## TASK OBJECTIVE
All the entries need to be duplicated exactly, with the pictures omitted.

(Beginning of DATA SHOWN)

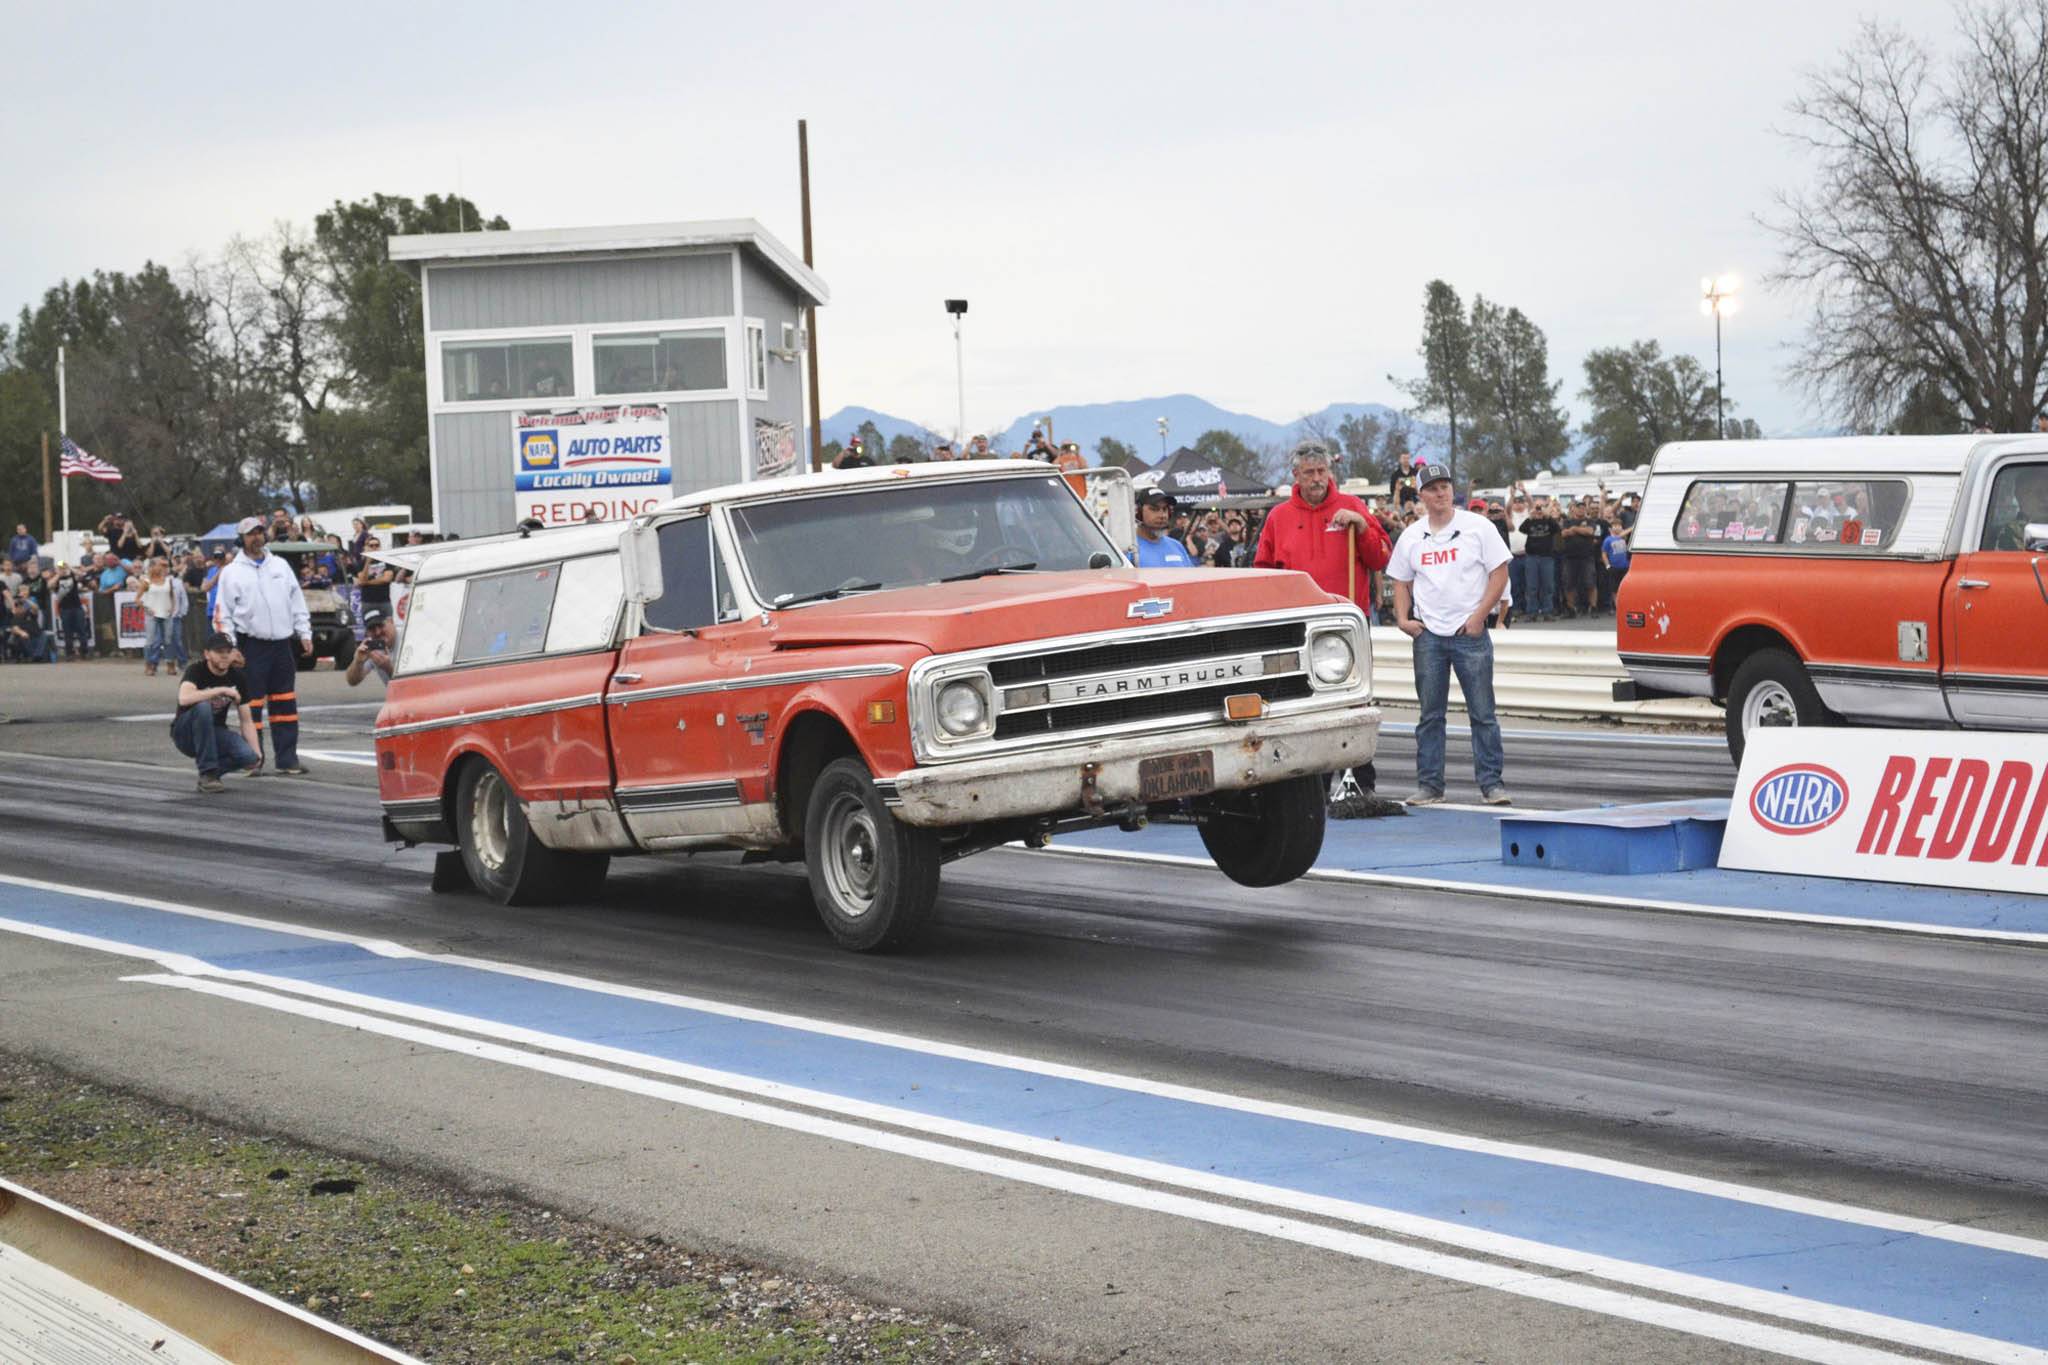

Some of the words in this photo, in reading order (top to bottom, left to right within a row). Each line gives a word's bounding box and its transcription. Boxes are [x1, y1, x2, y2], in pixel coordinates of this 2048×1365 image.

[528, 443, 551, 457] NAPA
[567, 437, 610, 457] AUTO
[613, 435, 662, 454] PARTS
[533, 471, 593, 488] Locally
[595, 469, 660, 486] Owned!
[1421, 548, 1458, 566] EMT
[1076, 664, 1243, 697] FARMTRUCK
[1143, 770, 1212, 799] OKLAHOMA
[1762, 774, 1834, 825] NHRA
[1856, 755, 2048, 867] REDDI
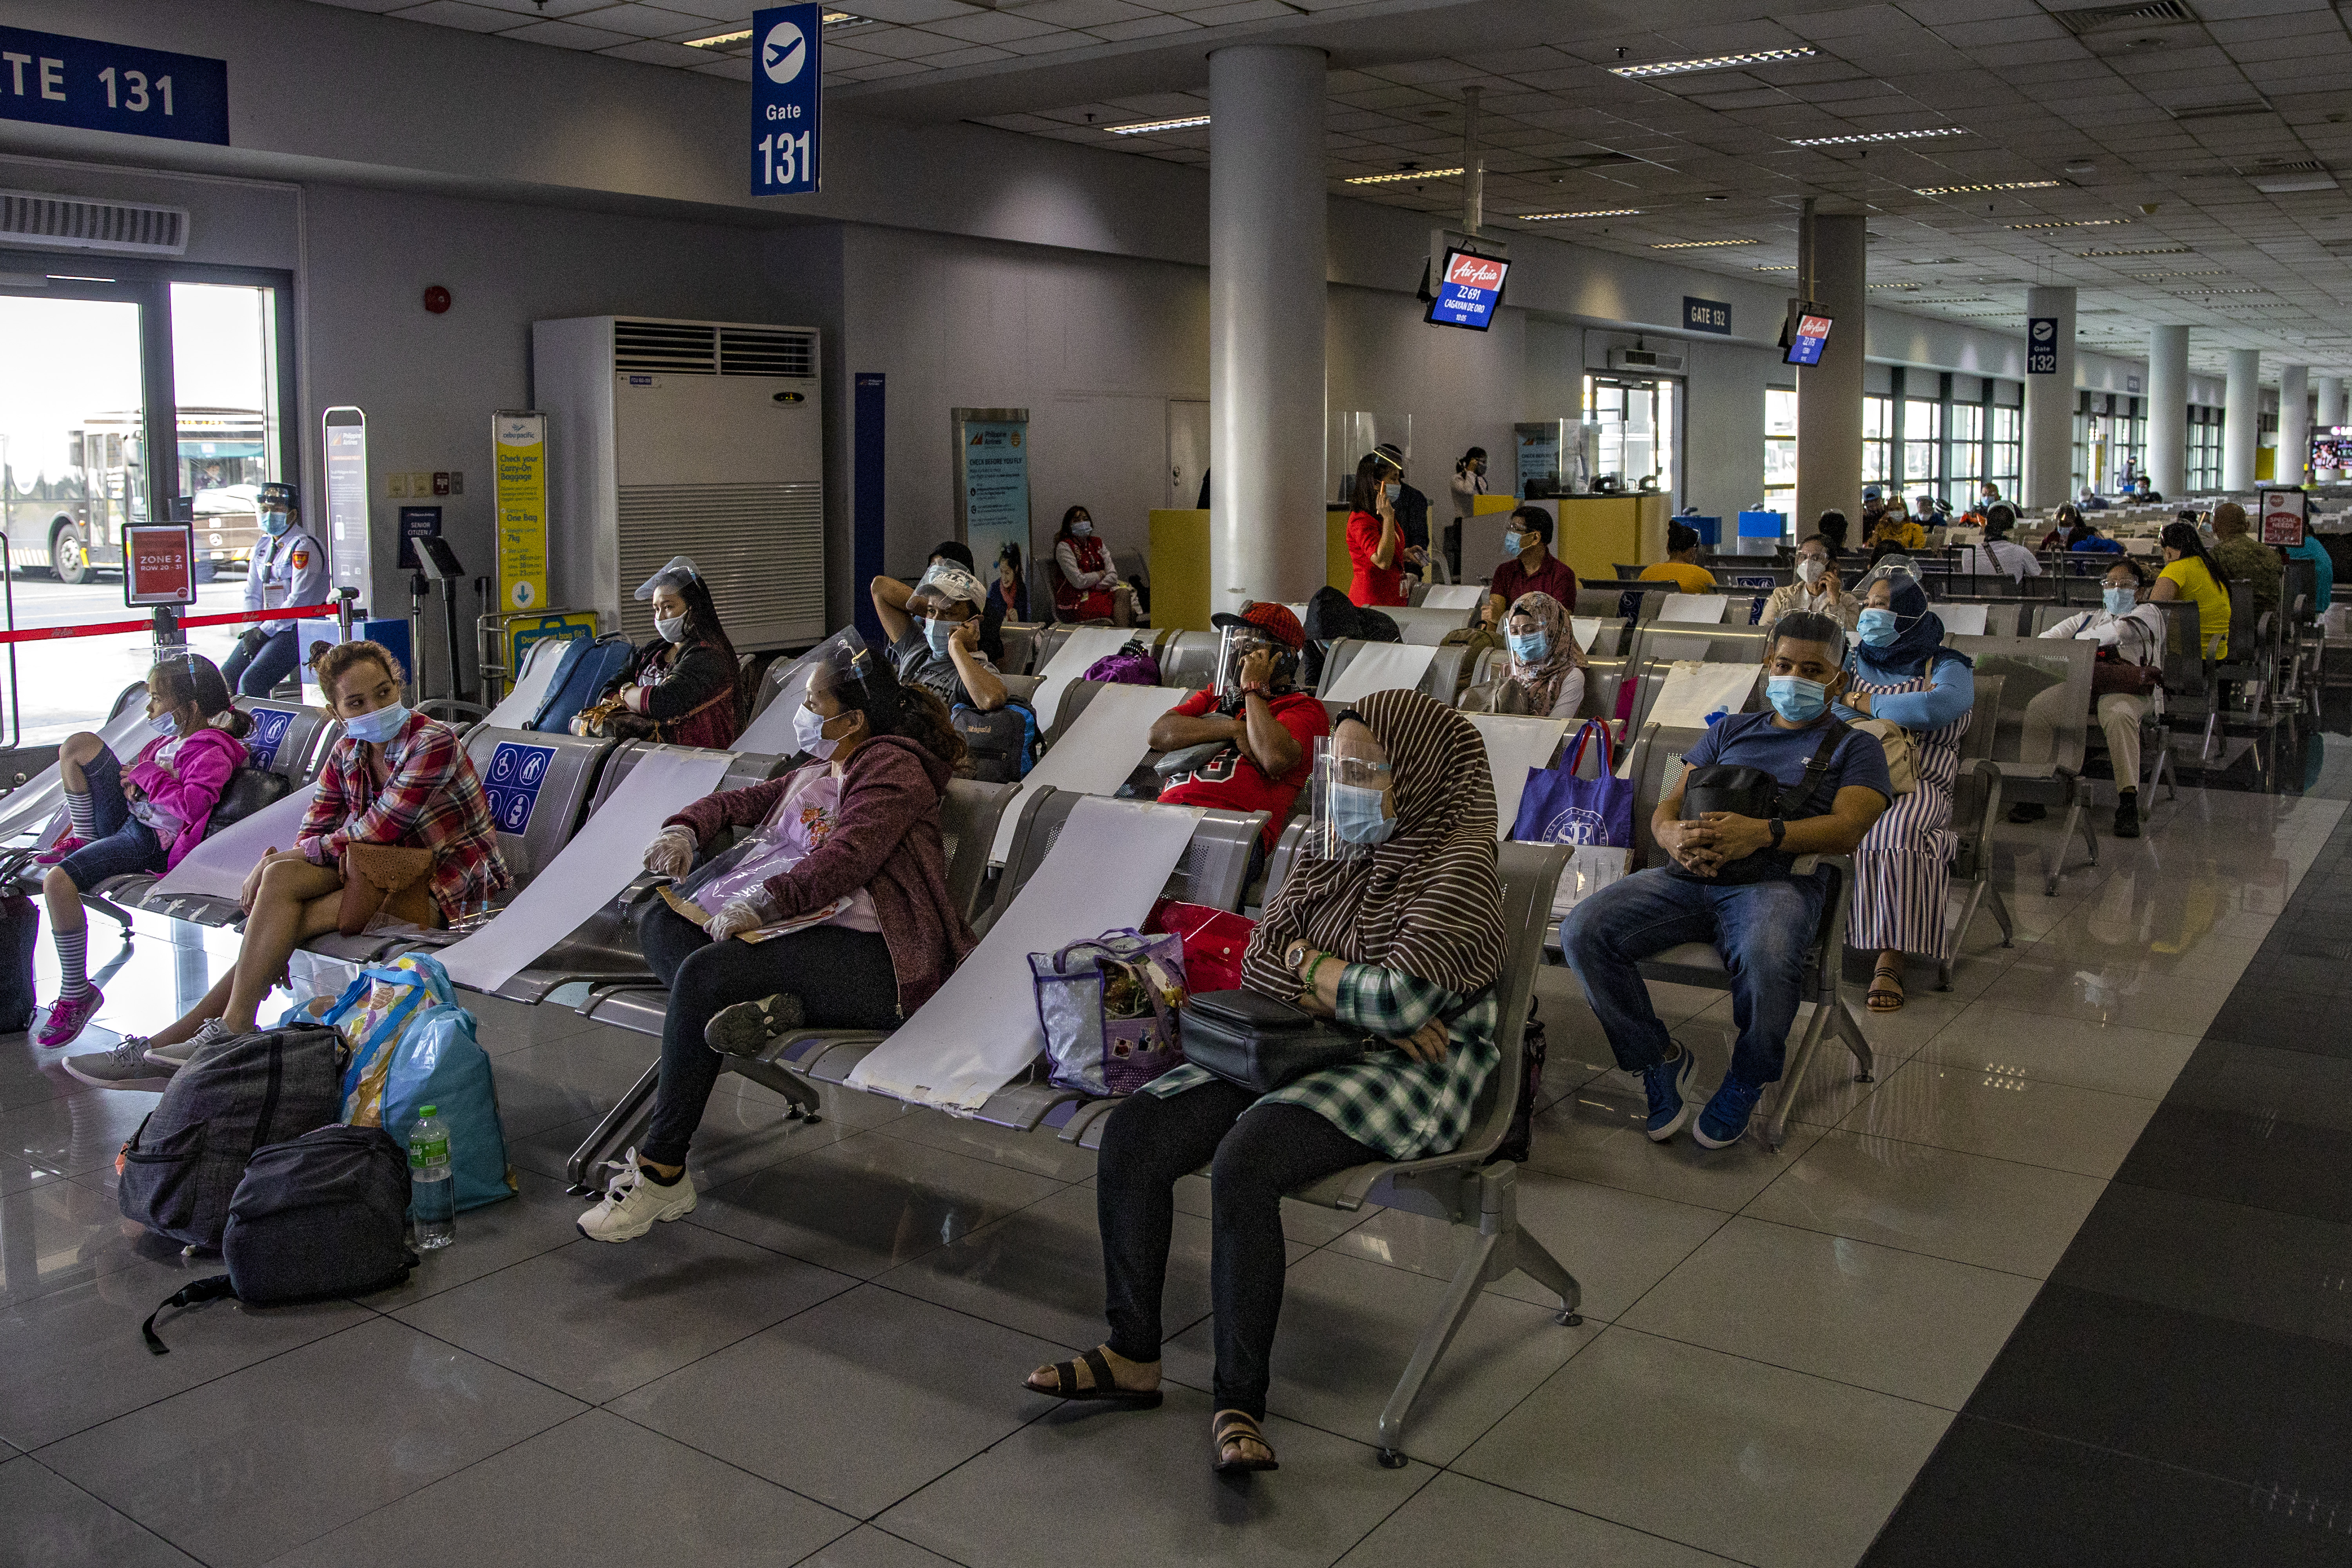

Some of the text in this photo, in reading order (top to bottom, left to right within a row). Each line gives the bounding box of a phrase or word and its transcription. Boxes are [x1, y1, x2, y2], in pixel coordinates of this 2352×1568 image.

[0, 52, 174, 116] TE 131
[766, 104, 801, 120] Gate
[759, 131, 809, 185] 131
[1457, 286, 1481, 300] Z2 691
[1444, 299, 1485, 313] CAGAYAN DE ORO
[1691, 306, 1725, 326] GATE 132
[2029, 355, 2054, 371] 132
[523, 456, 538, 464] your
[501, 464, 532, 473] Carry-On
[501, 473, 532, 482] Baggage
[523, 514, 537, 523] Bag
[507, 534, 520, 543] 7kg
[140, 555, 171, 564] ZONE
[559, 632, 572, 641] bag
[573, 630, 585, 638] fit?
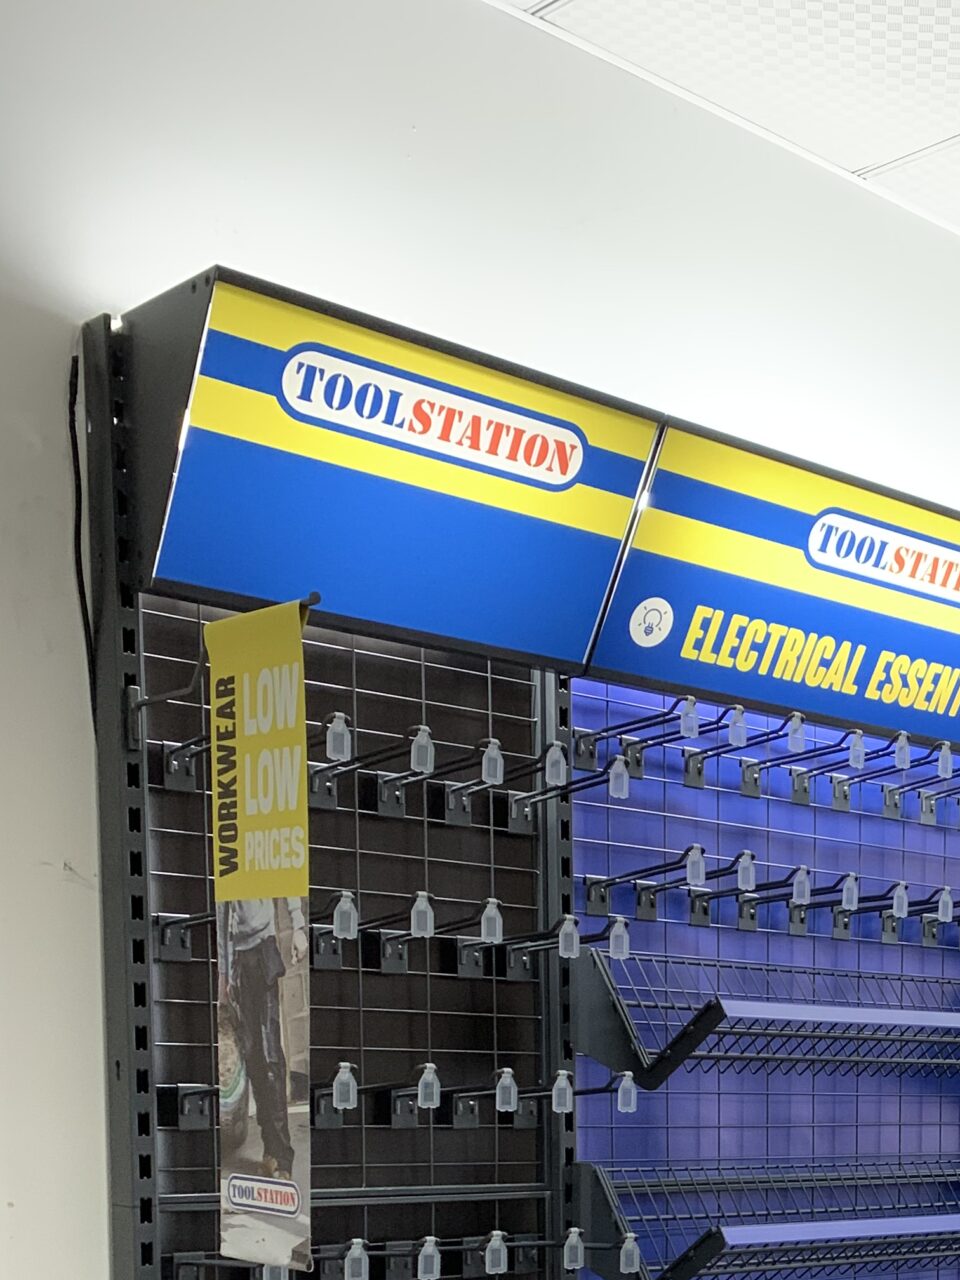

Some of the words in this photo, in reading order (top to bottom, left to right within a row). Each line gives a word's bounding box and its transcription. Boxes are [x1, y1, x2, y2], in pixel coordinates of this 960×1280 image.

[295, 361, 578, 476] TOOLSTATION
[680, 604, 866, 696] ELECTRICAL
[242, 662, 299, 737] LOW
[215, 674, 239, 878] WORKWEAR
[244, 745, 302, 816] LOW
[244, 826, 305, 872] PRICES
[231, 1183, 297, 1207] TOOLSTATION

(End of DATA SHOWN)

## YOUR SOLUTION
Some of the words in this photo, in reading order (top to bottom, left to right within a row). Each line gives a word's bounding box and its transcription. Boxes are [x1, y1, x2, y2], in pixel coordinates of this 2048×1365 image.

[528, 443, 551, 457] NAPA
[567, 437, 610, 457] AUTO
[613, 435, 662, 454] PARTS
[533, 471, 593, 488] Locally
[595, 469, 660, 486] Owned!
[1421, 548, 1458, 566] EMT
[1076, 664, 1243, 697] FARMTRUCK
[1143, 770, 1212, 799] OKLAHOMA
[1762, 774, 1834, 825] NHRA
[1856, 755, 2048, 867] REDDI

Some of the text in this photo, in reading order (top to bottom, left to right within a row). Each line gives the bounding box of a phrase or word and its transcription. Boxes are [x1, y1, x2, y2], in pixel coordinates of this 2352×1568 image.

[0, 52, 174, 116] TE 131
[766, 104, 801, 120] Gate
[759, 131, 809, 185] 131
[1457, 286, 1481, 300] Z2 691
[1444, 299, 1485, 313] CAGAYAN DE ORO
[1691, 306, 1725, 326] GATE 132
[2029, 355, 2054, 371] 132
[523, 456, 538, 464] your
[501, 464, 532, 473] Carry-On
[501, 473, 532, 482] Baggage
[523, 514, 537, 523] Bag
[507, 534, 520, 543] 7kg
[140, 555, 171, 564] ZONE
[559, 632, 572, 641] bag
[573, 630, 585, 638] fit?

Some of the words in this photo, in reading order (top to bottom, left to right within a row). Each line gives a word's bounding box and its transcription. Boxes are [x1, y1, x2, y2], in pixel coordinates of this 960×1280 image.

[295, 361, 578, 476] TOOLSTATION
[680, 604, 866, 696] ELECTRICAL
[242, 662, 299, 737] LOW
[215, 674, 239, 878] WORKWEAR
[244, 745, 302, 816] LOW
[244, 826, 305, 872] PRICES
[231, 1183, 297, 1207] TOOLSTATION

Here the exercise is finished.